_What is expected_. Quote all of the data that follows exactly as written, skipping the images.

_Data for analysis_.

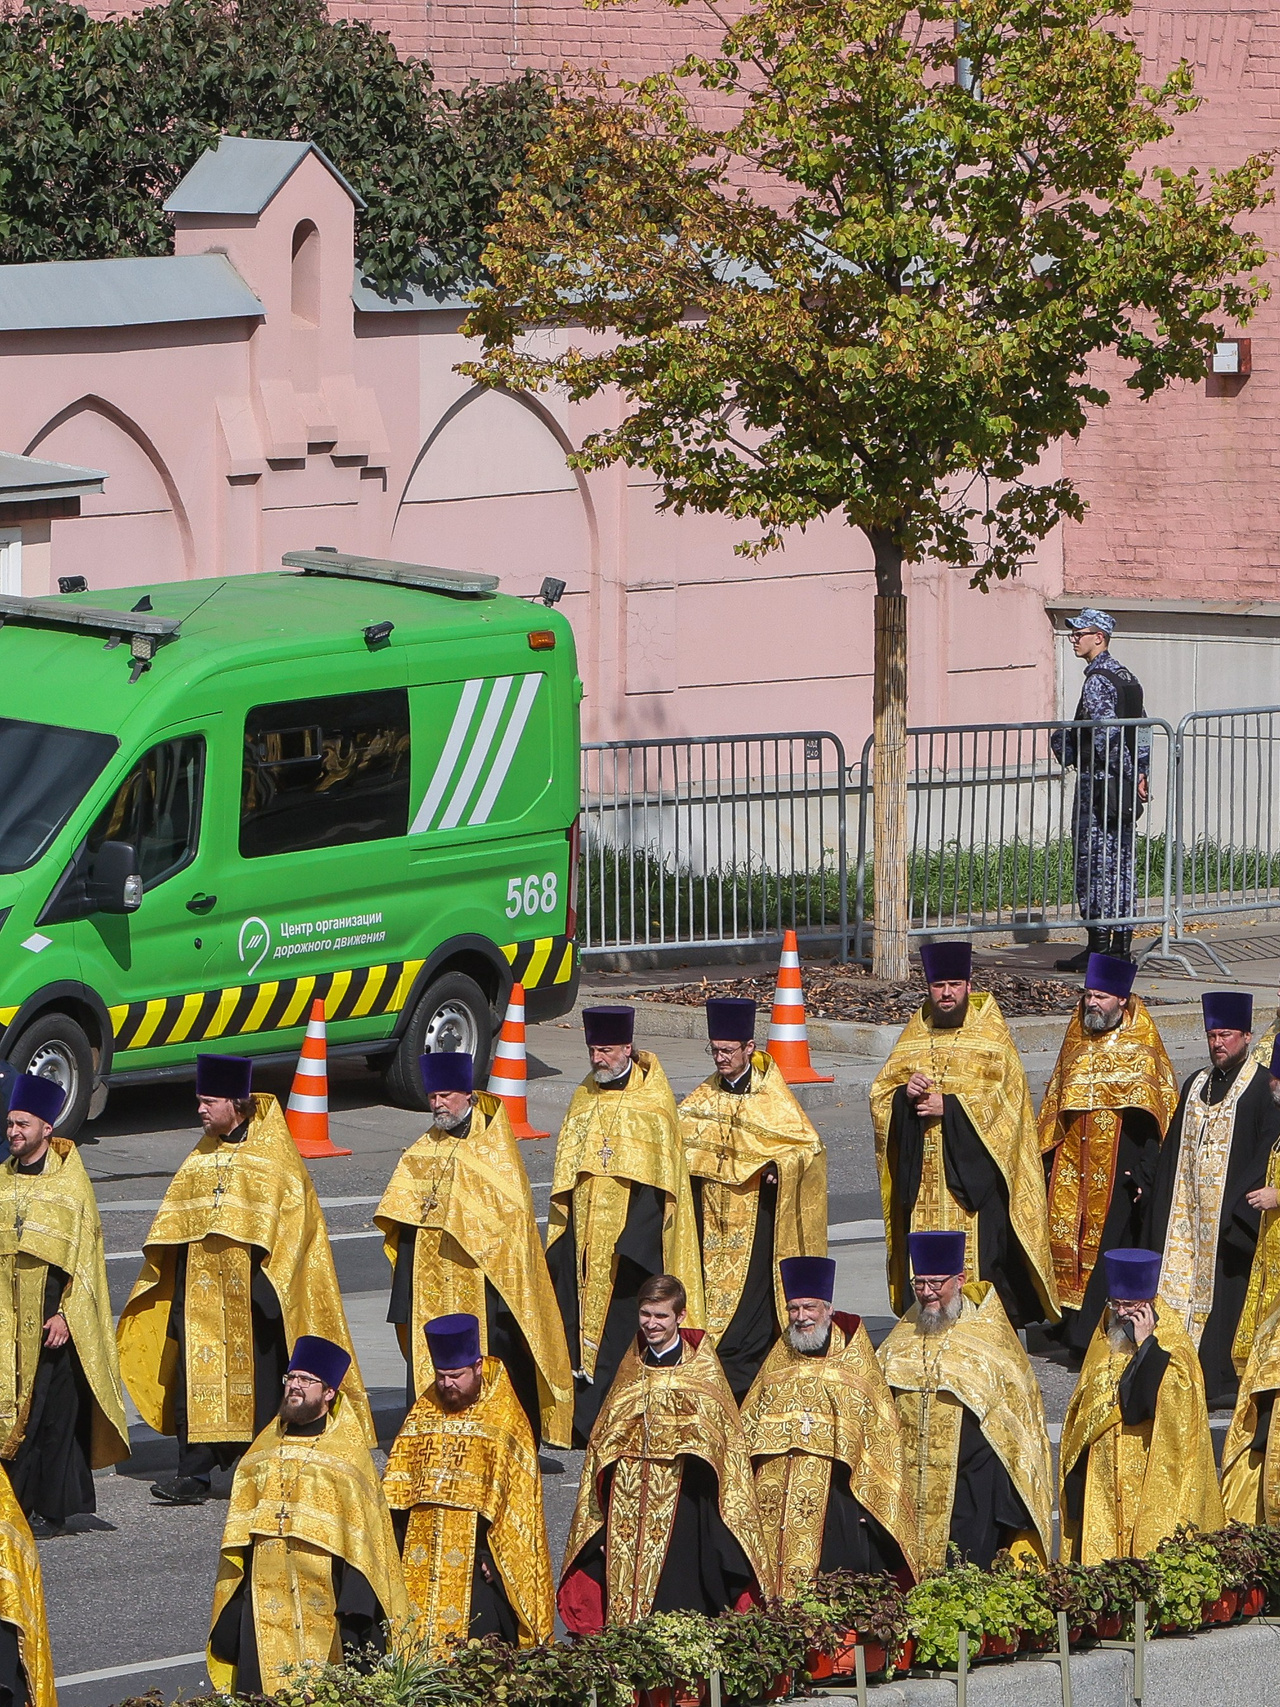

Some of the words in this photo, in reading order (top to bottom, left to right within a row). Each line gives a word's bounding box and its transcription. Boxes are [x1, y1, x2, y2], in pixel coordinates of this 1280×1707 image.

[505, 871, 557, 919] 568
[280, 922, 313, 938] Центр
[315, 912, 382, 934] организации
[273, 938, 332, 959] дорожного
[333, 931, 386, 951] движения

_Task solution_.
Some of the words in this photo, in reading order (top to bottom, left to right within a row). Each line gives a word's bounding box and its transcription. Boxes are [x1, y1, x2, y2], in pixel coordinates of this 1280×1707 image.

[505, 871, 557, 919] 568
[280, 922, 313, 938] Центр
[315, 912, 382, 934] организации
[273, 938, 332, 959] дорожного
[333, 931, 386, 951] движения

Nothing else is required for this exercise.